◆ **YOUR GOAL**
Please repeat every entry, keeping each one exactly the same.

____

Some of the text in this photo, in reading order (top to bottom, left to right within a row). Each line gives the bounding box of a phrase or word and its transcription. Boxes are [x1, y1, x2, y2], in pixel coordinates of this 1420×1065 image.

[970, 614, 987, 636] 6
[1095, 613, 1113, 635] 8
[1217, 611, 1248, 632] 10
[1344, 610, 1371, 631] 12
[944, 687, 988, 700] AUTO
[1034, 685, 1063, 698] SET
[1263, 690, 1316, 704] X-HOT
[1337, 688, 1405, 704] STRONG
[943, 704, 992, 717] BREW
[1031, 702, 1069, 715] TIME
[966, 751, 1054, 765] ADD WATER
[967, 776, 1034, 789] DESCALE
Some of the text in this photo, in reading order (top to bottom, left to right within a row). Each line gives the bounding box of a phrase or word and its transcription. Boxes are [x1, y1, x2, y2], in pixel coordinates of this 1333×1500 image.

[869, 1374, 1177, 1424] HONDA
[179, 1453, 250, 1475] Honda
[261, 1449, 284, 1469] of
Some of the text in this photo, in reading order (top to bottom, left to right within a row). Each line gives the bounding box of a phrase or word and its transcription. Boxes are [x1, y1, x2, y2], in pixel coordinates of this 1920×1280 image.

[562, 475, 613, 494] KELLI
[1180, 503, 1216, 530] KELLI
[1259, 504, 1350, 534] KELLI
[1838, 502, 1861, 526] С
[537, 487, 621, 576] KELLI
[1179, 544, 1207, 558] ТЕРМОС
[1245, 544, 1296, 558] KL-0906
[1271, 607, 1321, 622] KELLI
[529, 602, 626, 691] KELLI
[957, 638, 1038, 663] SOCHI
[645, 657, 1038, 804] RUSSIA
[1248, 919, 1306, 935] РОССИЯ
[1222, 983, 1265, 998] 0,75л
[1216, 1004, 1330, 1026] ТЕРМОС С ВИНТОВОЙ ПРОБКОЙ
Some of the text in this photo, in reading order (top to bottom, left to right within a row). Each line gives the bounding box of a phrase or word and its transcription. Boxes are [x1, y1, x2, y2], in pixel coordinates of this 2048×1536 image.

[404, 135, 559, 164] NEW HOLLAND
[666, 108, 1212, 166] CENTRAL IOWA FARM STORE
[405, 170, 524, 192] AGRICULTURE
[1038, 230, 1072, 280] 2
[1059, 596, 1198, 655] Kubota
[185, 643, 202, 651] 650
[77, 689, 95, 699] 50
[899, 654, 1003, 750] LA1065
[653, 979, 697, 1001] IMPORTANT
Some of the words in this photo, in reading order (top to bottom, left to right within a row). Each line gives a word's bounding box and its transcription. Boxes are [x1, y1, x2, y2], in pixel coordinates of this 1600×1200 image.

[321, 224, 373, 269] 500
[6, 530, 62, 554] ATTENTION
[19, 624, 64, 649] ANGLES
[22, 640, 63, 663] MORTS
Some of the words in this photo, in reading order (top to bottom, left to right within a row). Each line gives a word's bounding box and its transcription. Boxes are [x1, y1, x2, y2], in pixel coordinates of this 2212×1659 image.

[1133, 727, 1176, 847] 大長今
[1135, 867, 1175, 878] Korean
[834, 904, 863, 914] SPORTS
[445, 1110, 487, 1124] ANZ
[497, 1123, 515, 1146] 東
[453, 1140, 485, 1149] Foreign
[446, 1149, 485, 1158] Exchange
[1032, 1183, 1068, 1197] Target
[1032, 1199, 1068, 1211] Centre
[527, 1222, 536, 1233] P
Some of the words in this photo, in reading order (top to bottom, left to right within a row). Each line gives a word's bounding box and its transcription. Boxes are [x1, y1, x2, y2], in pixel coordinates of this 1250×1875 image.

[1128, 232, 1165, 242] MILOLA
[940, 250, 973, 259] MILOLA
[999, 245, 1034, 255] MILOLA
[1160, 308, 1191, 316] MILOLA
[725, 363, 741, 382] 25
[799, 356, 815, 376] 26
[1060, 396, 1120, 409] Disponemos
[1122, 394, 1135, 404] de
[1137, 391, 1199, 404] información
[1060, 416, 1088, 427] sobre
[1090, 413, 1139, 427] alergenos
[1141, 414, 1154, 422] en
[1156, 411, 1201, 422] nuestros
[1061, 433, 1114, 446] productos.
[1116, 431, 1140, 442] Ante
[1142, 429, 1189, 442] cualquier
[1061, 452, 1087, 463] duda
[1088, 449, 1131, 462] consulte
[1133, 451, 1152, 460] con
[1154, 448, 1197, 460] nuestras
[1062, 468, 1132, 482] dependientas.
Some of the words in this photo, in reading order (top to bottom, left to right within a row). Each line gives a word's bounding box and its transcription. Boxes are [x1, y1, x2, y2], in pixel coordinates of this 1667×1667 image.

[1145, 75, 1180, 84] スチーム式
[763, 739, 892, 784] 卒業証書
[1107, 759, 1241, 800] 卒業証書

____

◆ **RESPONSE TO THIS TASK**
Some of the text in this photo, in reading order (top to bottom, left to right within a row). Each line gives the bounding box of a phrase or word and its transcription. Boxes are [x1, y1, x2, y2], in pixel coordinates of this 1420×1065 image.

[970, 614, 987, 636] 6
[1095, 613, 1113, 635] 8
[1217, 611, 1248, 632] 10
[1344, 610, 1371, 631] 12
[944, 687, 988, 700] AUTO
[1034, 685, 1063, 698] SET
[1263, 690, 1316, 704] X-HOT
[1337, 688, 1405, 704] STRONG
[943, 704, 992, 717] BREW
[1031, 702, 1069, 715] TIME
[966, 751, 1054, 765] ADD WATER
[967, 776, 1034, 789] DESCALE
Some of the text in this photo, in reading order (top to bottom, left to right within a row). Each line gives the bounding box of a phrase or word and its transcription. Boxes are [x1, y1, x2, y2], in pixel coordinates of this 1333×1500 image.

[869, 1374, 1177, 1424] HONDA
[179, 1453, 250, 1475] Honda
[261, 1449, 284, 1469] of
Some of the text in this photo, in reading order (top to bottom, left to right within a row). Each line gives the bounding box of a phrase or word and its transcription. Boxes are [x1, y1, x2, y2], in pixel coordinates of this 1920×1280 image.

[562, 475, 613, 494] KELLI
[1180, 503, 1216, 530] KELLI
[1259, 504, 1350, 534] KELLI
[1838, 502, 1861, 526] С
[537, 487, 621, 576] KELLI
[1179, 544, 1207, 558] ТЕРМОС
[1245, 544, 1296, 558] KL-0906
[1271, 607, 1321, 622] KELLI
[529, 602, 626, 691] KELLI
[957, 638, 1038, 663] SOCHI
[645, 657, 1038, 804] RUSSIA
[1248, 919, 1306, 935] РОССИЯ
[1222, 983, 1265, 998] 0,75л
[1216, 1004, 1330, 1026] ТЕРМОС С ВИНТОВОЙ ПРОБКОЙ
Some of the text in this photo, in reading order (top to bottom, left to right within a row). Each line gives the bounding box of a phrase or word and its transcription. Boxes are [x1, y1, x2, y2], in pixel coordinates of this 2048×1536 image.

[404, 135, 559, 164] NEW HOLLAND
[666, 108, 1212, 166] CENTRAL IOWA FARM STORE
[405, 170, 524, 192] AGRICULTURE
[1038, 230, 1072, 280] 2
[1059, 596, 1198, 655] Kubota
[185, 643, 202, 651] 650
[77, 689, 95, 699] 50
[899, 654, 1003, 750] LA1065
[653, 979, 697, 1001] IMPORTANT
Some of the words in this photo, in reading order (top to bottom, left to right within a row). Each line gives a word's bounding box and its transcription. Boxes are [x1, y1, x2, y2], in pixel coordinates of this 1600×1200 image.

[321, 224, 373, 269] 500
[6, 530, 62, 554] ATTENTION
[19, 624, 64, 649] ANGLES
[22, 640, 63, 663] MORTS
Some of the words in this photo, in reading order (top to bottom, left to right within a row). Each line gives a word's bounding box and its transcription. Boxes are [x1, y1, x2, y2], in pixel coordinates of this 2212×1659 image.

[1133, 727, 1176, 847] 大長今
[1135, 867, 1175, 878] Korean
[834, 904, 863, 914] SPORTS
[445, 1110, 487, 1124] ANZ
[497, 1123, 515, 1146] 東
[453, 1140, 485, 1149] Foreign
[446, 1149, 485, 1158] Exchange
[1032, 1183, 1068, 1197] Target
[1032, 1199, 1068, 1211] Centre
[527, 1222, 536, 1233] P
Some of the words in this photo, in reading order (top to bottom, left to right within a row). Each line gives a word's bounding box and its transcription. Boxes are [x1, y1, x2, y2], in pixel coordinates of this 1250×1875 image.

[1128, 232, 1165, 242] MILOLA
[940, 250, 973, 259] MILOLA
[999, 245, 1034, 255] MILOLA
[1160, 308, 1191, 316] MILOLA
[725, 363, 741, 382] 25
[799, 356, 815, 376] 26
[1060, 396, 1120, 409] Disponemos
[1122, 394, 1135, 404] de
[1137, 391, 1199, 404] información
[1060, 416, 1088, 427] sobre
[1090, 413, 1139, 427] alergenos
[1141, 414, 1154, 422] en
[1156, 411, 1201, 422] nuestros
[1061, 433, 1114, 446] productos.
[1116, 431, 1140, 442] Ante
[1142, 429, 1189, 442] cualquier
[1061, 452, 1087, 463] duda
[1088, 449, 1131, 462] consulte
[1133, 451, 1152, 460] con
[1154, 448, 1197, 460] nuestras
[1062, 468, 1132, 482] dependientas.
Some of the words in this photo, in reading order (top to bottom, left to right within a row). Each line gives a word's bounding box and its transcription. Boxes are [x1, y1, x2, y2], in pixel coordinates of this 1667×1667 image.

[1145, 75, 1180, 84] スチーム式
[763, 739, 892, 784] 卒業証書
[1107, 759, 1241, 800] 卒業証書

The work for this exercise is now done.